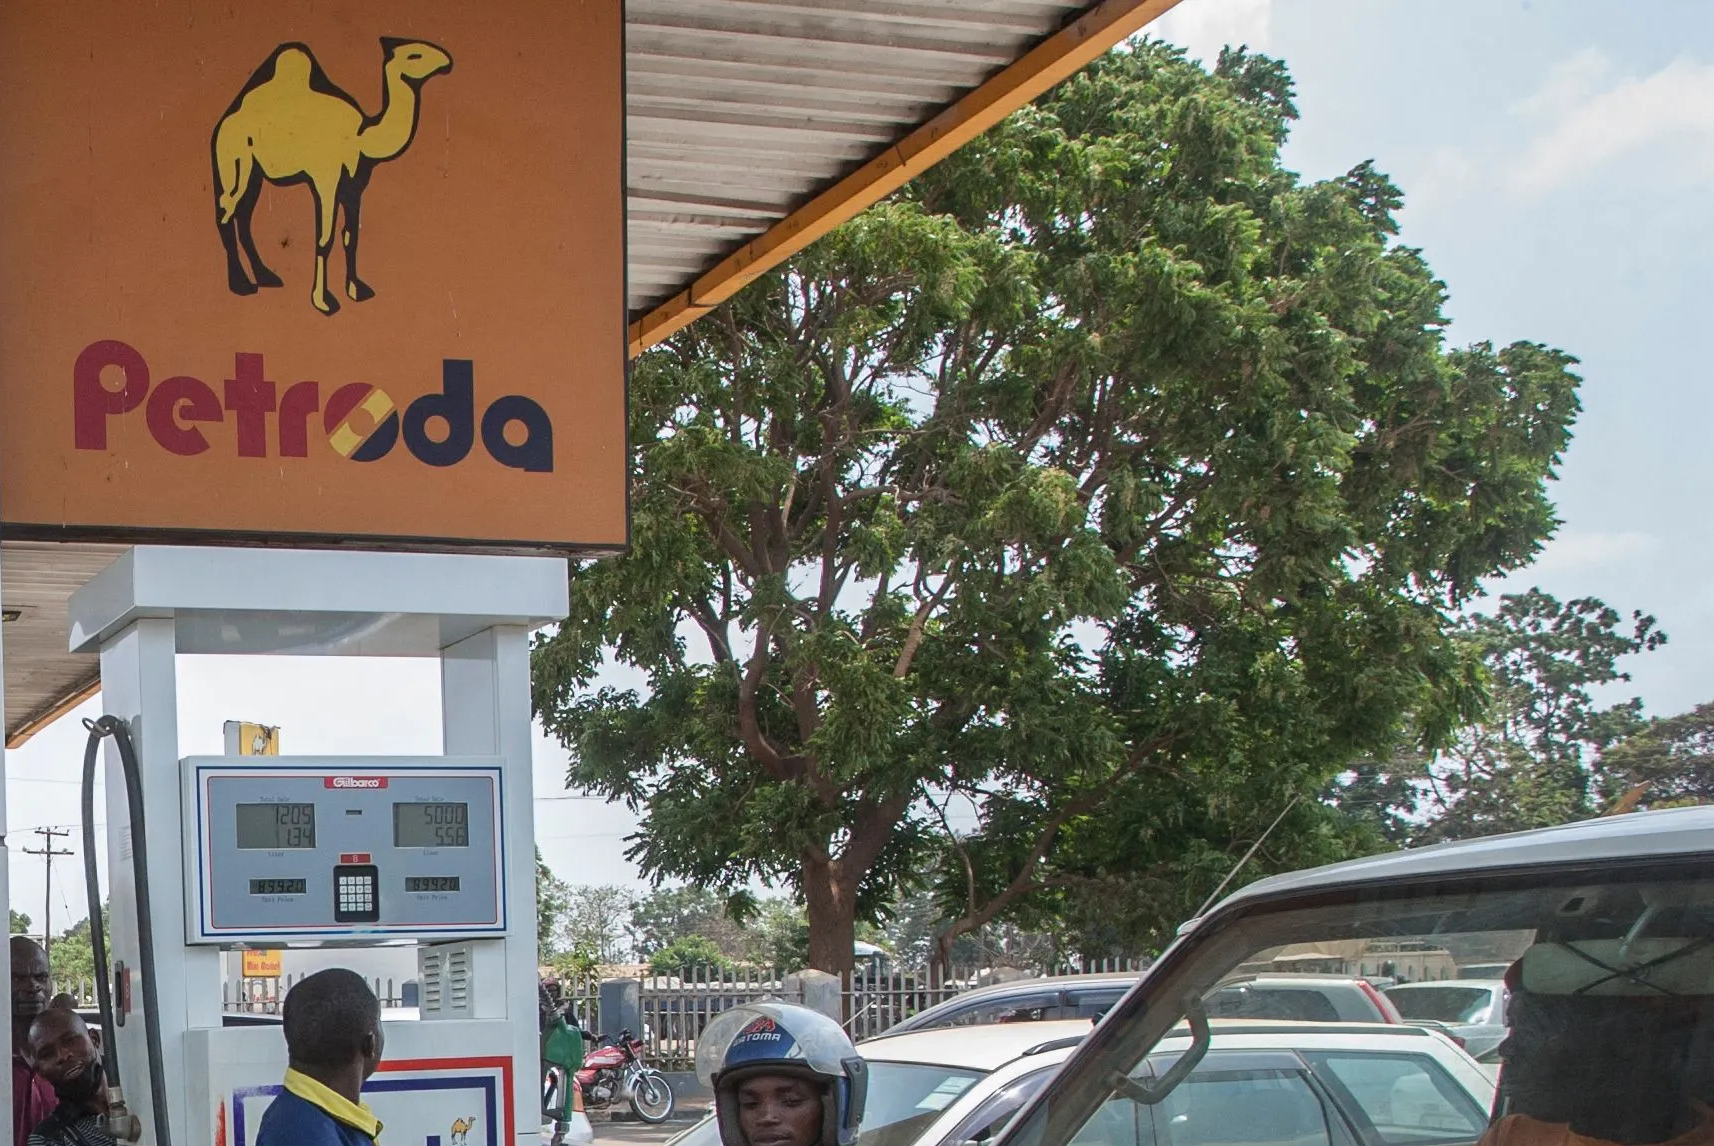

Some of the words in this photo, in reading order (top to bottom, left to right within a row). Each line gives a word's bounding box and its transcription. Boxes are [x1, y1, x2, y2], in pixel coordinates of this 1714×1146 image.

[73, 339, 554, 473] Petroda
[333, 776, 380, 788] Gilbarco
[276, 805, 311, 825] 1205
[424, 805, 464, 825] 5000
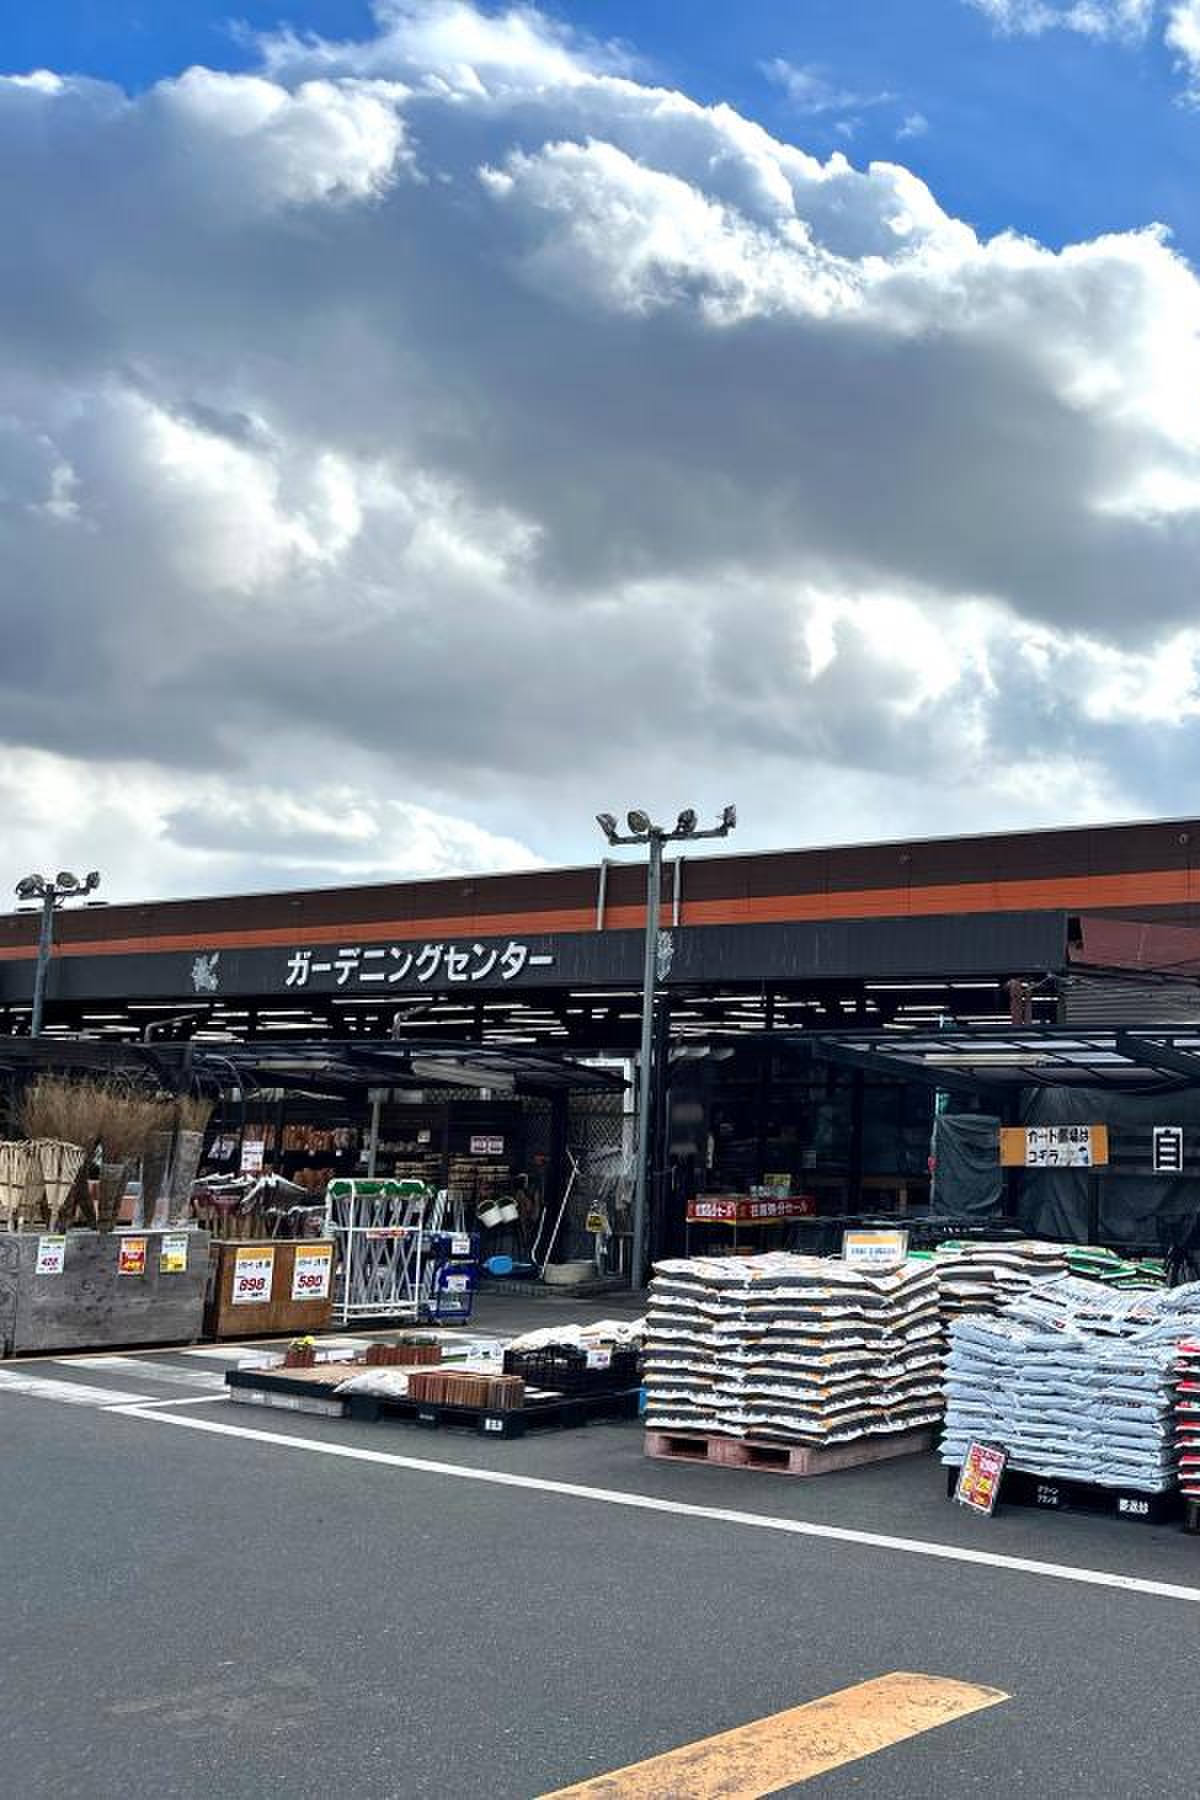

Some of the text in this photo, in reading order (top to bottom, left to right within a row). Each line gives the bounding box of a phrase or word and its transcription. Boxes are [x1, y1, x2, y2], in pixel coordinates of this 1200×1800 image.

[285, 941, 554, 986] ガーデニングセンター
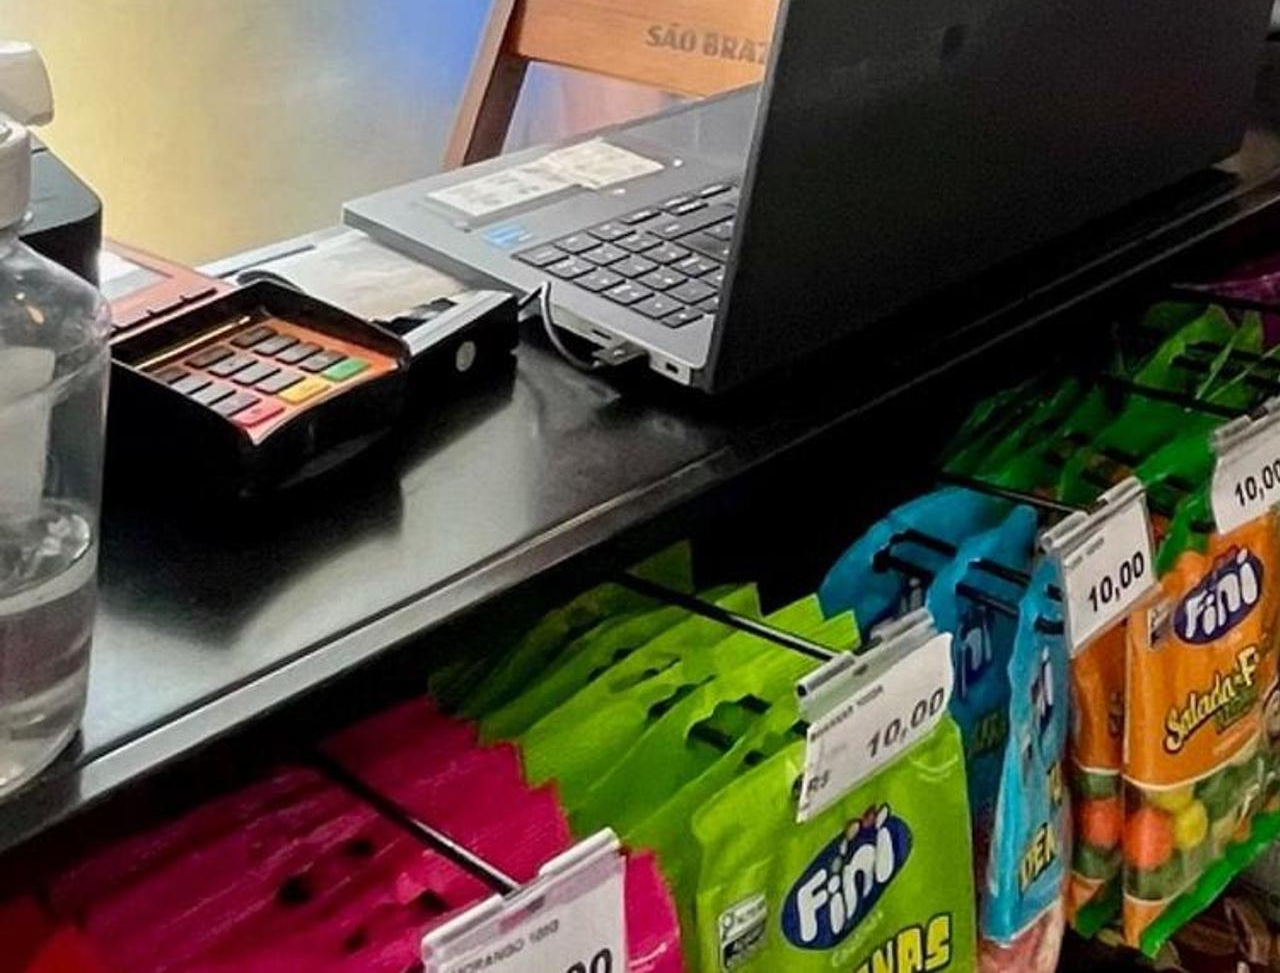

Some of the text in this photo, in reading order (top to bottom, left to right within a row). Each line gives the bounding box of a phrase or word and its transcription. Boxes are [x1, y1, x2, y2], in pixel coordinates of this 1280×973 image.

[1088, 550, 1145, 613] 10,00
[1185, 547, 1258, 639] Fini
[867, 687, 945, 758] 10,00
[795, 806, 896, 943] Fini
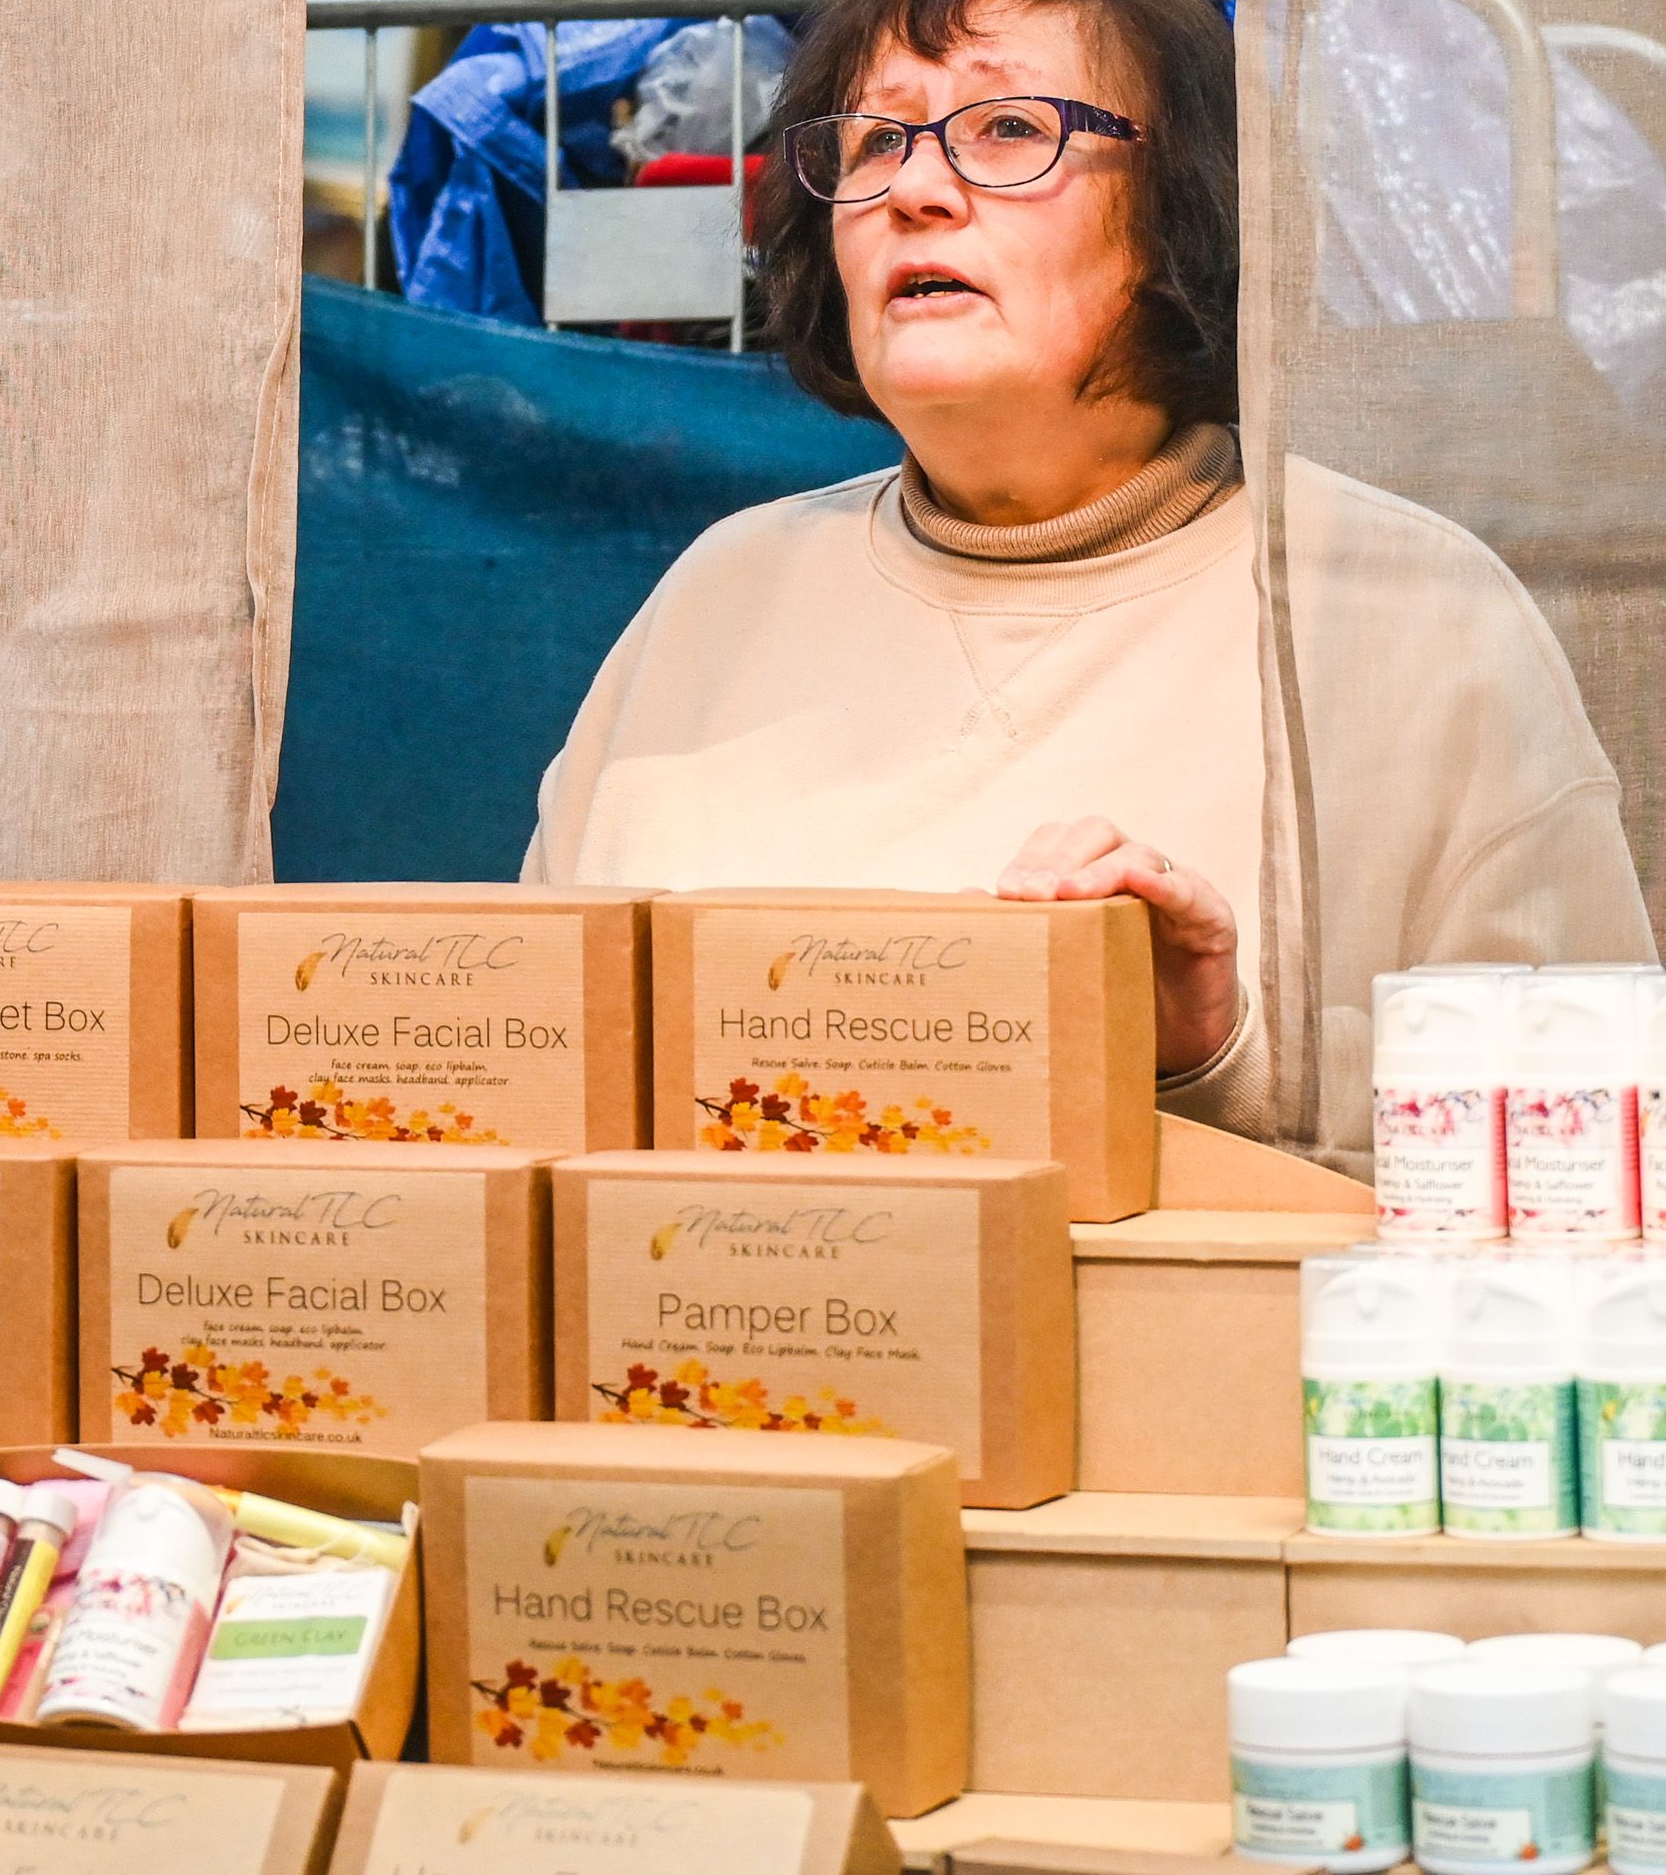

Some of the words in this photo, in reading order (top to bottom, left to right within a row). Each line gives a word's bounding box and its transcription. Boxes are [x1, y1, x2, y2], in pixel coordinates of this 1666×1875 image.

[321, 933, 435, 977] Natural
[436, 934, 523, 970] TLC
[791, 934, 892, 977] Natural
[892, 935, 971, 970] TLC
[370, 972, 473, 986] SKINCARE
[834, 972, 927, 986] SKINCARE
[45, 1001, 105, 1032] Box
[720, 1008, 811, 1040] Hand
[826, 1009, 953, 1042] Rescue
[967, 1011, 1032, 1043] Box
[267, 1014, 380, 1046] Deluxe
[394, 1016, 490, 1048] Facial
[505, 1018, 568, 1049] Box
[33, 1052, 51, 1062] spa
[331, 1059, 352, 1070] face
[425, 1062, 443, 1071] eco
[751, 1057, 787, 1069] Rescue
[858, 1059, 895, 1071] Cuticle
[934, 1061, 971, 1072] Cotton
[309, 1074, 331, 1085] clay
[333, 1074, 355, 1083] face
[455, 1074, 509, 1087] applicator
[193, 1188, 311, 1237] Natural
[312, 1191, 401, 1229] TLC
[243, 1230, 350, 1246] SKINCARE
[677, 1204, 799, 1248] Natural
[798, 1208, 891, 1243] TLC
[730, 1243, 839, 1259] SKINCARE
[138, 1273, 253, 1308] Deluxe
[267, 1277, 367, 1310] Facial
[382, 1279, 447, 1313] Box
[659, 1293, 811, 1340] Pamper
[826, 1298, 897, 1335] Box
[1367, 1447, 1423, 1465] Cream
[1617, 1450, 1664, 1469] Hand
[495, 1584, 592, 1622] Hand
[607, 1588, 743, 1628] Rescue
[758, 1594, 829, 1633] Box

----------------------------------------

▶ Requirement
Take the records above from the line with "this 1200×1800 image." down to their last line and please copy those lines exactly, without the pictures.

▶ Expected output
Some of the text in this photo, in reading order (top to bottom, left to right within a row). Each line gives the bounding box of a phrase or word and its transcription. Boxes are [x1, y1, x2, y2], in pixel coordinates of this 1200×1800 image.

[285, 941, 554, 986] ガーデニングセンター

Some of the text in this photo, in reading order (top to bottom, left to right within a row). Each line gives the bounding box of a phrase or word and its transcription. Boxes are [x1, y1, x2, y2], in pixel coordinates of this 1280×973 image.

[1088, 550, 1145, 613] 10,00
[1185, 547, 1258, 639] Fini
[867, 687, 945, 758] 10,00
[795, 806, 896, 943] Fini

Some of the words in this photo, in reading order (top to bottom, left to right within a row). Each line gives a word's bounding box and its transcription. Boxes are [x1, y1, x2, y2], in pixel coordinates of this 1666×1875 image.

[321, 933, 435, 977] Natural
[436, 934, 523, 970] TLC
[791, 934, 892, 977] Natural
[892, 935, 971, 970] TLC
[370, 972, 473, 986] SKINCARE
[834, 972, 927, 986] SKINCARE
[45, 1001, 105, 1032] Box
[720, 1008, 811, 1040] Hand
[826, 1009, 953, 1042] Rescue
[967, 1011, 1032, 1043] Box
[267, 1014, 380, 1046] Deluxe
[394, 1016, 490, 1048] Facial
[505, 1018, 568, 1049] Box
[33, 1052, 51, 1062] spa
[331, 1059, 352, 1070] face
[425, 1062, 443, 1071] eco
[751, 1057, 787, 1069] Rescue
[858, 1059, 895, 1071] Cuticle
[934, 1061, 971, 1072] Cotton
[309, 1074, 331, 1085] clay
[333, 1074, 355, 1083] face
[455, 1074, 509, 1087] applicator
[193, 1188, 311, 1237] Natural
[312, 1191, 401, 1229] TLC
[243, 1230, 350, 1246] SKINCARE
[677, 1204, 799, 1248] Natural
[798, 1208, 891, 1243] TLC
[730, 1243, 839, 1259] SKINCARE
[138, 1273, 253, 1308] Deluxe
[267, 1277, 367, 1310] Facial
[382, 1279, 447, 1313] Box
[659, 1293, 811, 1340] Pamper
[826, 1298, 897, 1335] Box
[1367, 1447, 1423, 1465] Cream
[1617, 1450, 1664, 1469] Hand
[495, 1584, 592, 1622] Hand
[607, 1588, 743, 1628] Rescue
[758, 1594, 829, 1633] Box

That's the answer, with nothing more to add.